Clients handling infrastructure retrofits, like bridge overlays or sound barriers, have leaned on HGM NP to reduce structural load. This enables less reinforcement, leaner installation, and sometimes, entirely new engineering solutions. In marine environments, lower-density components improve buoyancy and resilience to water absorption. In specialty paints and coatings, the microspheres open doors to thicker film builds, tough “non-slip” surfaces, and resistance to microcracking, all without clogging spray tips or forcing slowdowns in production lines.
A growing market now comes from specialty adhesives and sealants. Our spheres allow higher solids and lower shrinkage during cure, backing strong adhesion in both hot and cold climates. Faster cure profiles, less warping, and lower VOC output result—three targets often tackled only with much costlier alternative chemicals. It’s feedback from field installers and technicians that drives our innovation, not just pressure from catalog engineers.
Manufacturing HGM NP is not a closed chapter. Every year, feedback from production partners, compounding experts, and end-users pushes us to raise standards. Lab results prompt us to upgrade furnace lining material or tweak batch sampling routines. Market shifts—lighter electric vehicles, oilfield cements with higher pressure ratings, rapid-setting mortars—keep our R&D team hungry for advances in glass chemistry and secondary processing.

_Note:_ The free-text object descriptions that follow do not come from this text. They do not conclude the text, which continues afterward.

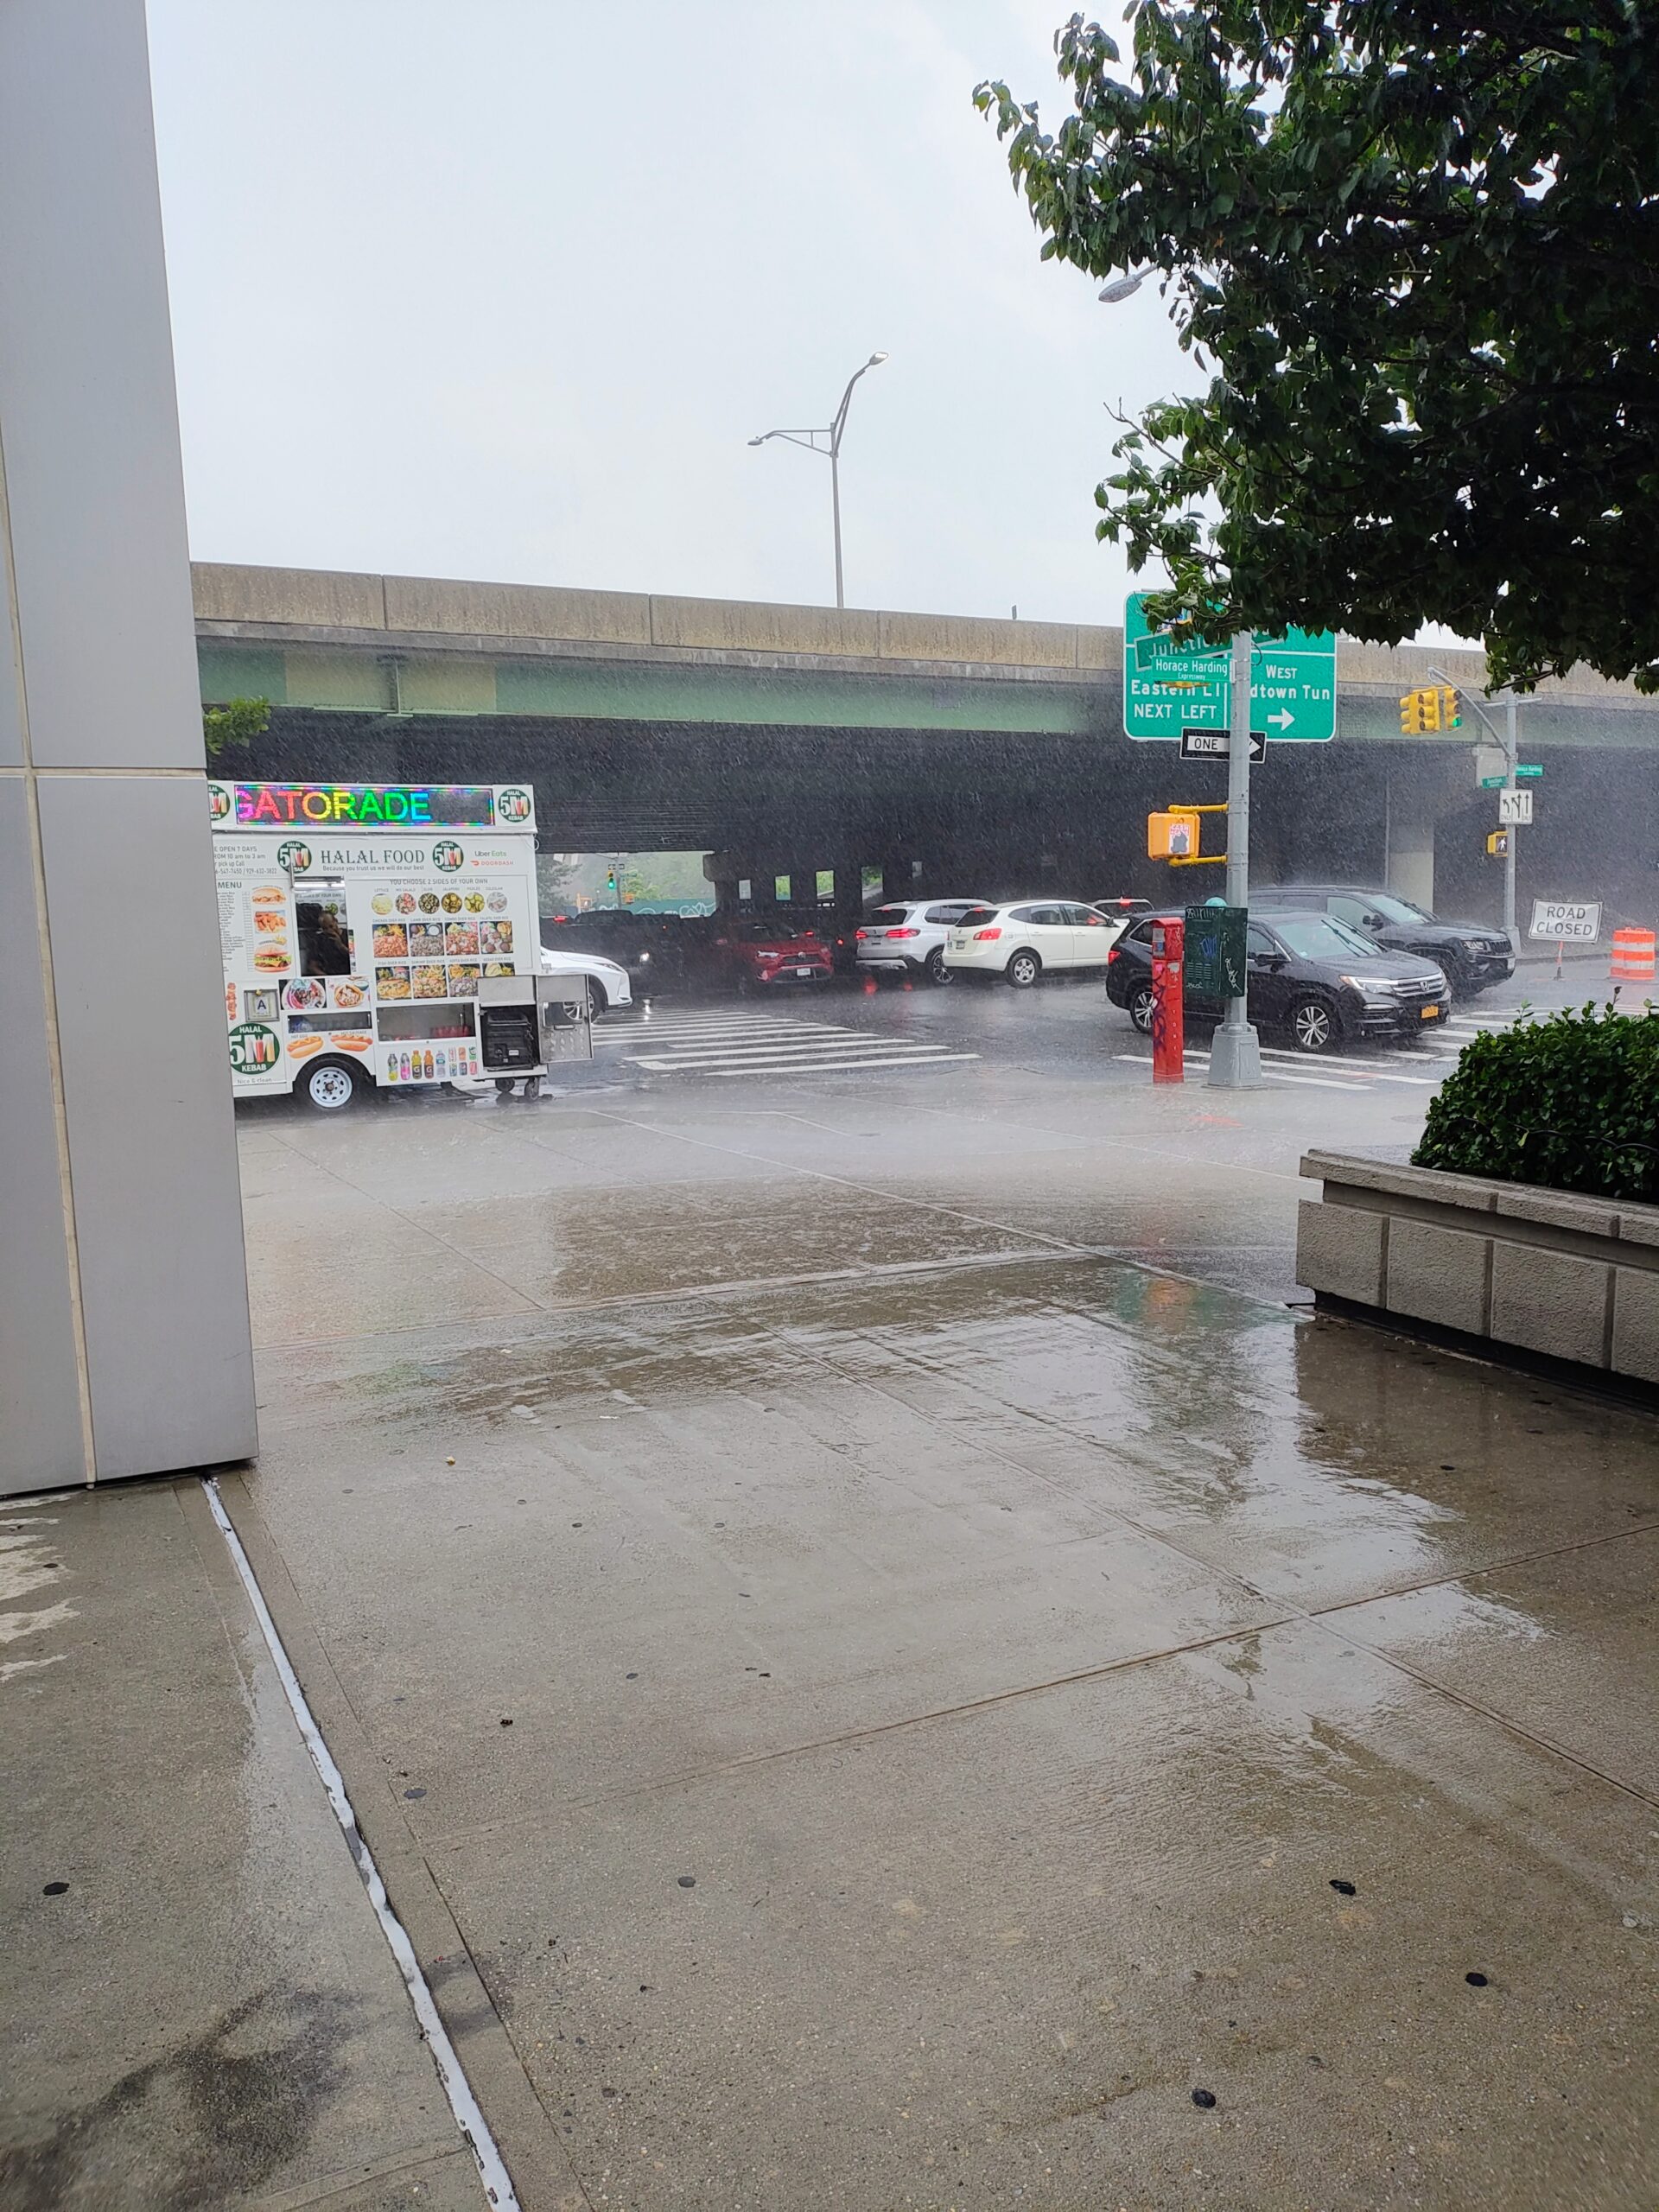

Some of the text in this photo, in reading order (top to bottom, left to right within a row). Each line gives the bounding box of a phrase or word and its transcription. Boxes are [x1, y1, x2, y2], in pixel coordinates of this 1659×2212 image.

[1156, 659, 1228, 677] Horace Harding
[1266, 664, 1297, 679] WEST
[1250, 684, 1331, 700] dtown Tun
[1134, 703, 1217, 720] NEXT LEFT
[1194, 738, 1218, 750] ONE
[237, 790, 431, 820] GATORADE
[499, 797, 529, 816] 5M
[279, 848, 309, 867] 5M
[321, 849, 425, 864] HALAL FOOD
[434, 847, 462, 866] 5M
[1547, 906, 1586, 919] ROAD
[1536, 921, 1592, 936] CLOSED
[257, 1000, 266, 1010] A
[229, 1033, 276, 1065] 5M
[242, 1064, 267, 1072] KEBAB

We run bench trials and pilot batches to match shifting performance demands, expanding the NP model into specialized variants with higher temperature ratings, more controlled particle cut-offs, or tighter shell tolerance. Our senior team has spent decades retooling and retrofitting production setups, based not on lab-only data, but on performance feedback and hands-on adjustment. This factory floor experience guides everything from glass formulation to packaging, ensuring not just a product that tests well, but one that customers trust in high-stakes operations.
Often, buyers new to hollow glass spheres raise concerns about compatibility and dispersal in their own systems. We recommend starting with small trial blends and working up using simple mixing procedures already in place. Our technical staff provides tested protocols, tailored for both high-shear and low-shear mixers, with advice collected from factories that have already tackled common breakage or settling issues.
Surface treatment remains key to extending performance in critical environments. Our team regularly works with customers co-developing modified HGM NP grades to support specialty resin or cement matrices. Fine-tuning blends—whether by pH, process temperature, or addition order—maximizes both density and durability improvements. We log each adjustment, confirm with rapid-fire sample runs, and maintain traceable improvements, so the path from trial to full-scale adoption stays well documented.
Our crew understands that true performance is measured not by lab data alone, but by daily results on plant floors, in mixers, and inside finished parts moving out the door. We make every batch of HGM NP knowing that customers count on stability, lower mass, robust performance, and practical value—not just a promise. Our real-world knowledge, built from years troubleshooting and optimizing, stands behind every shipment.
Hollow glass microspheres remain a quiet engine in modern industry—powering everything from aerospace panels to elastomer sealants, smart coatings to advanced insulation. Each order delivers not just a product, but years of problem-solving and continuous improvement from every member of our manufacturing team. That’s the measure of high-performance, not just numbers on a spec sheet.